Kassam, however, thinks that stun-gun sales generally have reached a “mature” point and won’t grow much further. More importantly, he sees Axon facing stiff competition from other makers of body cameras. For example, Vievu, a private company, last year won a $6.4 million contract to supply the New York Police Department with the cameras, after the department declined Axon’s offer of free cameras for a year because it didn’t comply with its procurement rules.
Anson’s team of analysts calculated that Axon’s Ebitda for 2017 at $30 million, or nearly 12% less than the consensus estimate of $34 million. From its recent $25 a share, he foresees about a 25% drop toward $18 and change.
Like a number of short sellers, Kassam is wagering that Canada’s banks aren’t adequately reserved for a rise in mortgage delinquencies, as home buyers fall behind and corporate-loan defaults rise from borrowers in the oil patch that have invested to expand their businesses. In March, Canadian home prices were 30% above their year-earlier level, but by June, they were 6% below their May level. When oil was above $100 a barrel, that helped prop up local real estate values, but since June 2014, prices have plunged from about $105 to $49.
One financial institution that he’s shorting is Equitable Group, which has a loss provision of just 0.02% of its total loan portfolio. He believes that leaves it unprepared for a potentially big drop in real estate values. Equitable has 30% of its debt exposure in Alberta, a province where much of the economy depends on oil. Borrowers whose fortunes are pinned to the growth of the energy industry—whether they be pipeline workers or shopkeepers who sell to them—will find it tougher to meet monthly mortgage payments or repay corporate loans, Kassam says. He projects a decline of 25% or more in the shares.
With Winson leading the way, Anson’s 25 long positions are mostly in S&P 500 stalwarts like Microsoft (MSFT) and Vulcan Materials (VMC), or in options-related hedges for the fund’s short positions. They usually represent “an insurance policy,” says Kassam, against the possibility that his short bets go sour.
But that’s not always the case, and long positions have grown more important of late, as stocks post one sharp rally after another. Often, the stocks that are rising have been beaten down by bad headlines for a prolonged period, obscuring an improvement in fundamentals.
One example is Greece’s Eurobank, which suffered from “the opposite of euphoria” after it wrote off billions of dollars in bad loans. Winson and Kassam believe that the Greek government is gradually bolstering its economic relations with the rest of Europe and the restructured bank will benefit.
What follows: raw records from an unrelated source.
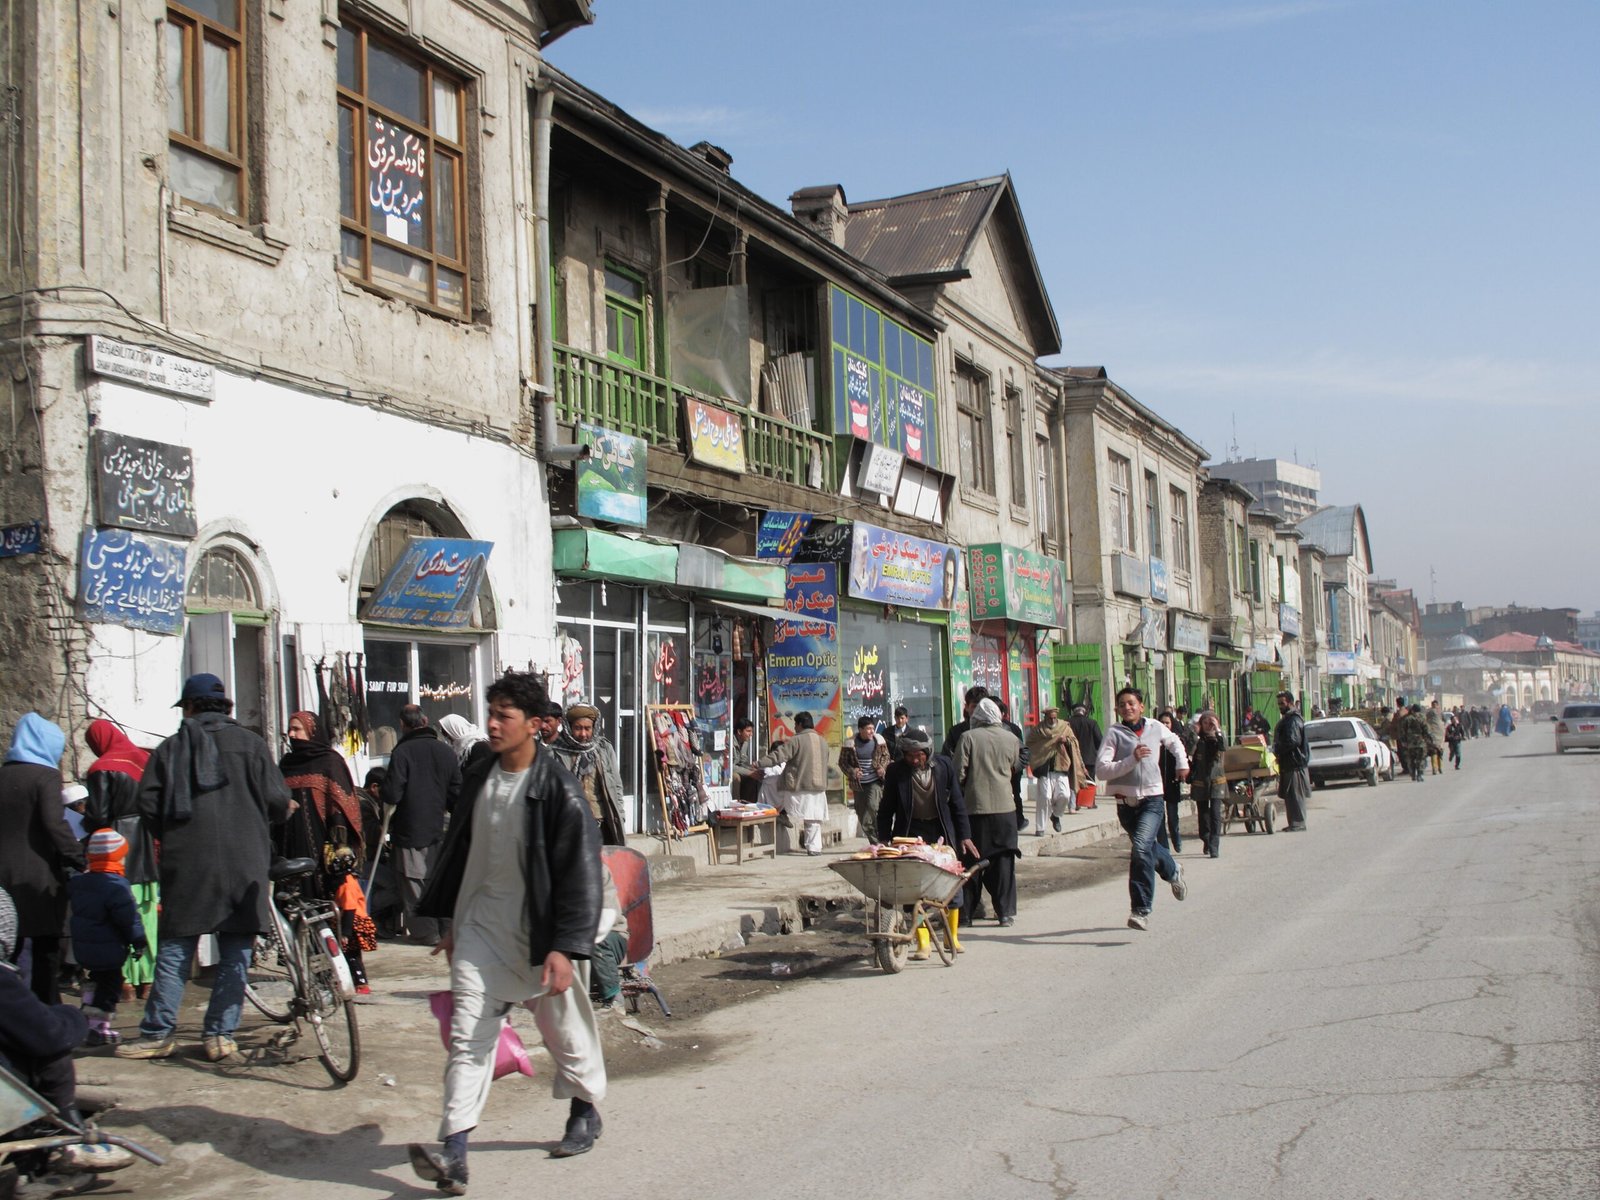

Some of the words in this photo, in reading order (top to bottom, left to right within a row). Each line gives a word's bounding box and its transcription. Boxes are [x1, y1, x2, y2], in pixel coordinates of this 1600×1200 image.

[96, 340, 153, 365] REHABILITATION
[155, 355, 165, 367] OF
[871, 533, 899, 563] فروشی
[901, 540, 919, 566] عینک
[920, 544, 942, 570] عمران
[882, 564, 909, 581] EMRAN
[910, 570, 932, 586] OPTIC
[985, 555, 1000, 607] OPTIC
[805, 590, 835, 614] عینک
[798, 621, 827, 641] عینک
[653, 641, 675, 686] خیاطی
[769, 653, 804, 668] Emran
[806, 651, 836, 670] Optic
[853, 644, 879, 675] عمران
[369, 681, 386, 692] SADAT
[386, 682, 397, 693] FUR
[397, 682, 409, 693] SKIN
The Greek economy grew in the first quarter, and just last week, Greece had a successful bond offering. He thinks the bank’s stock can get back to its book value of 2.58 euros ($3) a share from its recent 92 European cents.
Although they haven’t bought its shares, Winson and Kassam have looked at Macy’s(M), which has fallen nearly 65% in the past two years on sales and earnings disappointments and continued threats from online retailers. Even if the retailer’s business drops further, Kassam asserts, the stock eventually will reflect more of the estimated $18 billion value of prime real estate that Macy’s has in New York, San Francisco, and other cities.
As much as he offers very precise forecasts on where individual stocks might come to rest, Kassam doesn’t predict where the S&P 500 is headed. He just believes that it can’t keep climbing indefinitely. The stock market’s advance in May and June has been costly to Anson, which lost nearly 9% in that span and gave back previous gains made this year. Kassam acknowledges as much: “Today, everybody thinks making 10% to 15% is easy, but it is a tough road ahead.” In the meantime, he maintains, the best “insurance policy” for investors is a hedge fund that will still be making money when the music stops.